Hasil analisis data berdasarkan Tabel 6, menunjukkan bahwa karakteristik santri tidak berhubungan positif yang signifikan dengan kompetensi wirausaha
santri baik teknis maupun manajerialnya. Hal ini didasarkan dari hasil uji korelasi Rank Spearman yang menunjukkan bahwa p-value semua variabel karakteristik
santri lebih besar dari sign correlation sebesar 0,05 atau 5 persen. Makna dari hasil uji korelasi tersebut adalah tidak terdapat hubungan positif signifikan antar
variabel. Semua variabel karakteristik tersebut tidak menjamin santri mempunyai kompetensi wirausaha pada usaha sapi potong. Hubungan antara variabel-variabel
karakteristik santri dengan kompetensi wirausahanya pada usaha sapi potong berdasarkan Tabel 6 dijelaskan secara rinci sebagai berikut.

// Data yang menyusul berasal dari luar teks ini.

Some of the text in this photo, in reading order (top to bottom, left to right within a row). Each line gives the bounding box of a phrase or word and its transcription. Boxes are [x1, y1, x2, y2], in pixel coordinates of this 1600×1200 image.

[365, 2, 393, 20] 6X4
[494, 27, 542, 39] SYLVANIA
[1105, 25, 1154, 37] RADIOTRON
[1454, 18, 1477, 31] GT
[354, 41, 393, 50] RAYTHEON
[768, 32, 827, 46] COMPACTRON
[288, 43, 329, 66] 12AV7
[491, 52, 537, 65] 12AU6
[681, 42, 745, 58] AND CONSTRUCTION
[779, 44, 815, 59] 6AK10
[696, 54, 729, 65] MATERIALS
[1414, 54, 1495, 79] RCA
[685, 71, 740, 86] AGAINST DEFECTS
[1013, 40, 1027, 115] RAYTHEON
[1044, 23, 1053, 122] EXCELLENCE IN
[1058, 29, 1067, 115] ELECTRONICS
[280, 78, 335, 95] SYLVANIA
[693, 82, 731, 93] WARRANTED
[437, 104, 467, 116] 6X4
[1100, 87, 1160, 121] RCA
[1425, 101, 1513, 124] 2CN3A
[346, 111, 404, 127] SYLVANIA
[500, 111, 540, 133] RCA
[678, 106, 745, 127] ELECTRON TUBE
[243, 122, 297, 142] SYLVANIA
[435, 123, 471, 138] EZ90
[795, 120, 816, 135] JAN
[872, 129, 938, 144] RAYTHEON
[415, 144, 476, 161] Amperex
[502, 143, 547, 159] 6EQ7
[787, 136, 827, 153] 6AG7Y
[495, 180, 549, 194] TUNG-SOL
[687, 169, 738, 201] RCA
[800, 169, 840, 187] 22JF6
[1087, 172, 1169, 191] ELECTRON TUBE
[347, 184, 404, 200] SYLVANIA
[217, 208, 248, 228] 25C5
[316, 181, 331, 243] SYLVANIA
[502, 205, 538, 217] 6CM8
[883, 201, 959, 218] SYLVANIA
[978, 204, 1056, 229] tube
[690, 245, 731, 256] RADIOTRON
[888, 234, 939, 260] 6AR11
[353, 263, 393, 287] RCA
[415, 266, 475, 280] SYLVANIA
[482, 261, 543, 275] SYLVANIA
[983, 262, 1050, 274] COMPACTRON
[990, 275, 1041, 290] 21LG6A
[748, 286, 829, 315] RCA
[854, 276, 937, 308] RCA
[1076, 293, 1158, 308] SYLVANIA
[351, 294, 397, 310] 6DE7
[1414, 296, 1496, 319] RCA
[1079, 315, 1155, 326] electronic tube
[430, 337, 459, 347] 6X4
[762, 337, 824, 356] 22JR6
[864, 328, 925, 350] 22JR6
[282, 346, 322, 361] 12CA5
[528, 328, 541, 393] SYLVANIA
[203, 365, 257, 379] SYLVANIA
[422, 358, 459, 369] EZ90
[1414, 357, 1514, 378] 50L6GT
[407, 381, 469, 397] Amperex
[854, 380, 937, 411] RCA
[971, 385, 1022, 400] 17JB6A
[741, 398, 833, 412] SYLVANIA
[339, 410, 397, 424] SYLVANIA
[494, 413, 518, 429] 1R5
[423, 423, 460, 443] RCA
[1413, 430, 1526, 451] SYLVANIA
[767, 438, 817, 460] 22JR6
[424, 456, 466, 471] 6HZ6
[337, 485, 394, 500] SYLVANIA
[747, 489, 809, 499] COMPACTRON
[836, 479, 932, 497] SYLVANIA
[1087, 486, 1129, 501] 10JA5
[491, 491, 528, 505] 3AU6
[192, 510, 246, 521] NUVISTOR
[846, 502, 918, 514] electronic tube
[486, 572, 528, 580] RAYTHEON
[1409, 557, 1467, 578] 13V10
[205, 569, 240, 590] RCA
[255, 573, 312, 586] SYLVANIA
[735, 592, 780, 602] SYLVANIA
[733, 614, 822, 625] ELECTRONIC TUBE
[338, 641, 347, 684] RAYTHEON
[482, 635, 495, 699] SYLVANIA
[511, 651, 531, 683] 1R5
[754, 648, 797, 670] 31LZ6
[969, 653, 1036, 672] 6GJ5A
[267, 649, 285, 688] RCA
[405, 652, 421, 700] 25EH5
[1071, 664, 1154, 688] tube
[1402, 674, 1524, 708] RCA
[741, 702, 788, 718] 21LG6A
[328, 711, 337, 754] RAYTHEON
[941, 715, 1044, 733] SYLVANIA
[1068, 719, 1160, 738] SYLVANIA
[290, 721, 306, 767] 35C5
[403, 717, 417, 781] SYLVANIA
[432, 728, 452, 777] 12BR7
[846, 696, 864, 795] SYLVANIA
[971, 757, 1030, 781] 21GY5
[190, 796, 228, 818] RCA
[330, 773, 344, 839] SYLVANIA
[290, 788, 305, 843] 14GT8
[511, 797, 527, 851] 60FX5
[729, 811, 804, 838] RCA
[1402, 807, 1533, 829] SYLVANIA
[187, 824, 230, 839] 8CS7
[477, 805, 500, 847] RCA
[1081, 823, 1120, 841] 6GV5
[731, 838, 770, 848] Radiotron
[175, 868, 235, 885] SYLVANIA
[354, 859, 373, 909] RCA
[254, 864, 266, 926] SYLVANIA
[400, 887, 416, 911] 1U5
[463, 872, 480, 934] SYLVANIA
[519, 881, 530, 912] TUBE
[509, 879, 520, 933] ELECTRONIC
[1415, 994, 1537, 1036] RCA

7.1 Hubungan antara Umur dengan Kompetensi Wirausaha Santri
Salah satu variabel dalam karakteristik santri yang diduga berhubungan dengan kompetensi wirausahanya adalah umur. Umur dalam penelitian ini dibagi
menjadi tiga, yaitu muda, sedang, dan tua. Santri yang tergolong muda terdiri dari 58 persen, tergolong sedang 25 persen, dan tergolong tua 17 persen. Umur
menurut Staw 1991 dalam Riyanti 2003 dapat mempengaruhi kompetensi dalam berwirausaha, semakin bertambahnya usia seseorang yang berwirausaha
maka semakin banyak pengalaman di bidang usahanya dan usia sangat terkait dengan keberhasilan sebuah usaha. Akan tetapi berdasarkan uji korelasi Rank
Spearman yang terlampir pada Tabel 6 dapat disimpulkan bahwa umur tidak berhubungan positif yang signifikan dengan kompetensi wirausaha santri baik
teknis maupun manajerial pada usaha sapi potong yang berarti teori Staw tersebut tidak berlaku dalam penelitian ini.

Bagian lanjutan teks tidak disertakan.